> _RECORDS FOR THIS EXERCISE_
• • • •

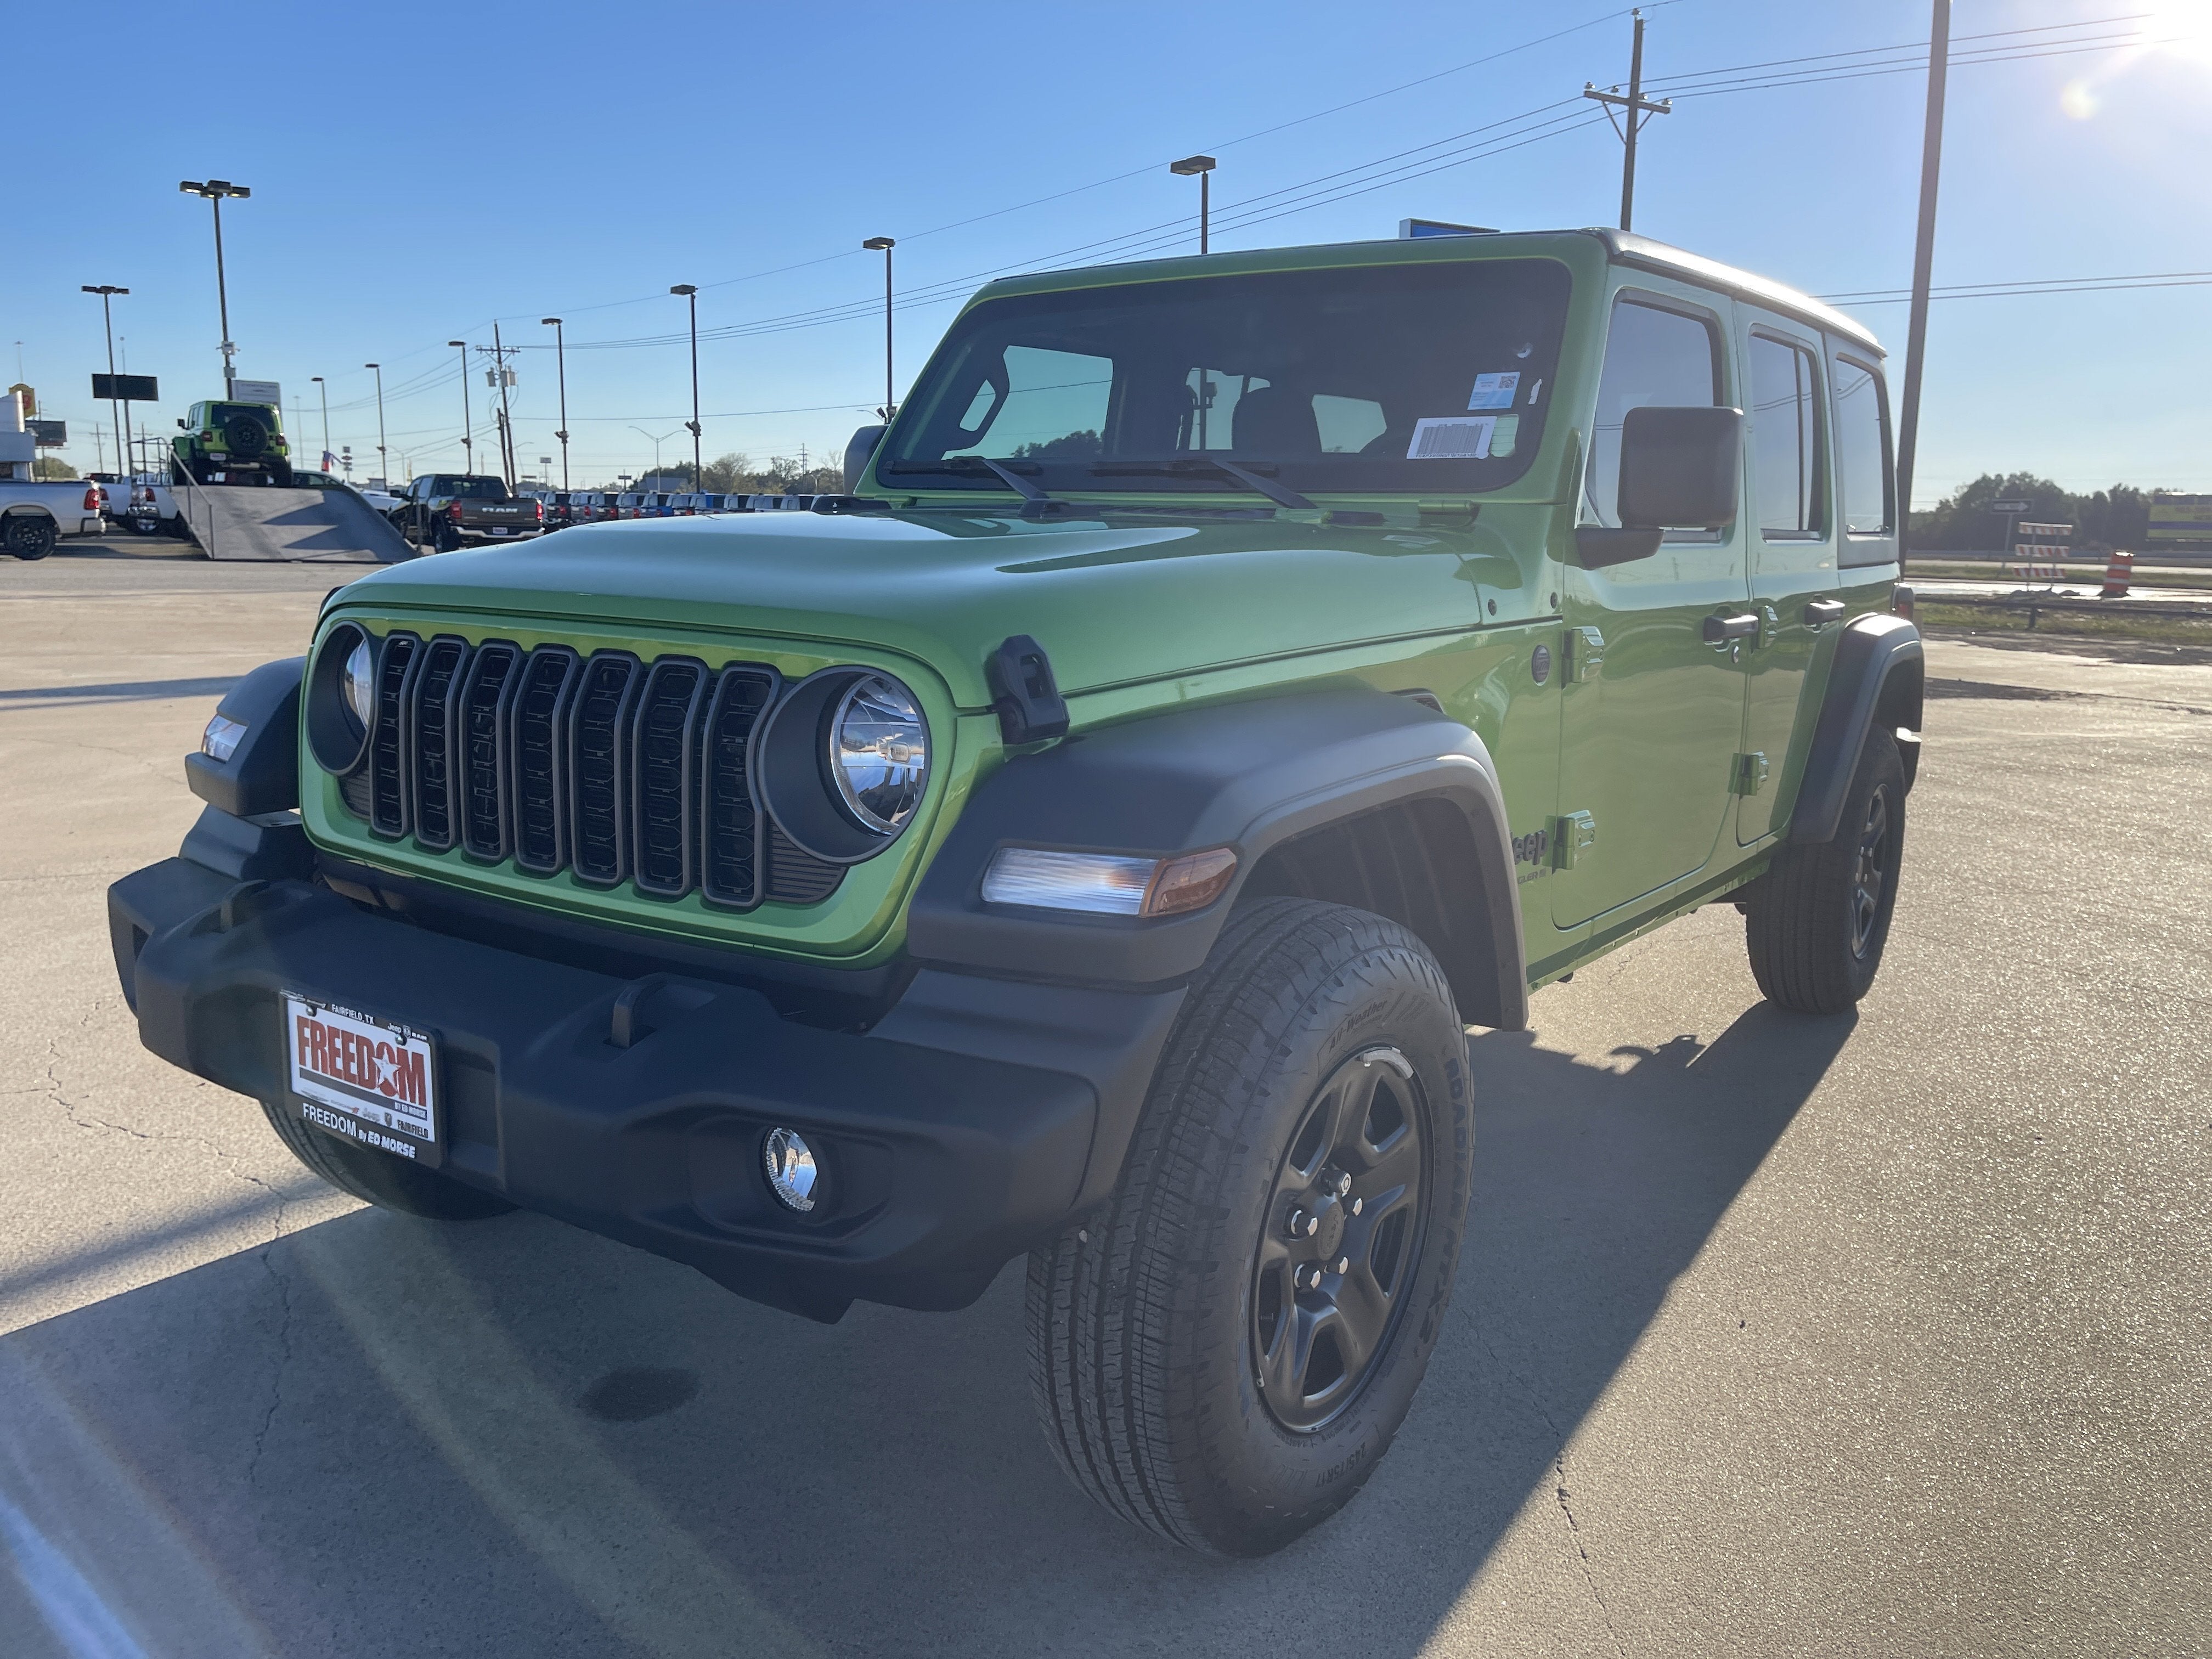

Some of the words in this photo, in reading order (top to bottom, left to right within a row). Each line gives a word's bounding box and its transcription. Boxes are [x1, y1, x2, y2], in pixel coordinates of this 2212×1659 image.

[1510, 830, 1548, 865] eep
[331, 1004, 365, 1023] FAIRFIELD,
[365, 1014, 375, 1025] TX
[297, 1015, 427, 1107] FREEDOM
[303, 1103, 357, 1137] FREEDOM
[368, 1131, 380, 1145] ED
[381, 1137, 416, 1159] MORSE

• • • •

> _TASK DIRECTIONS_
A word-for-word copy of the records above is needed, pictures excluded.

> _SOLUTION FOR THIS EXERCISE_
Some of the words in this photo, in reading order (top to bottom, left to right within a row). Each line gives a word's bounding box and its transcription. Boxes are [x1, y1, x2, y2], in pixel coordinates of this 2212×1659 image.

[1510, 830, 1548, 865] eep
[331, 1004, 365, 1023] FAIRFIELD,
[365, 1014, 375, 1025] TX
[297, 1015, 427, 1107] FREEDOM
[303, 1103, 357, 1137] FREEDOM
[368, 1131, 380, 1145] ED
[381, 1137, 416, 1159] MORSE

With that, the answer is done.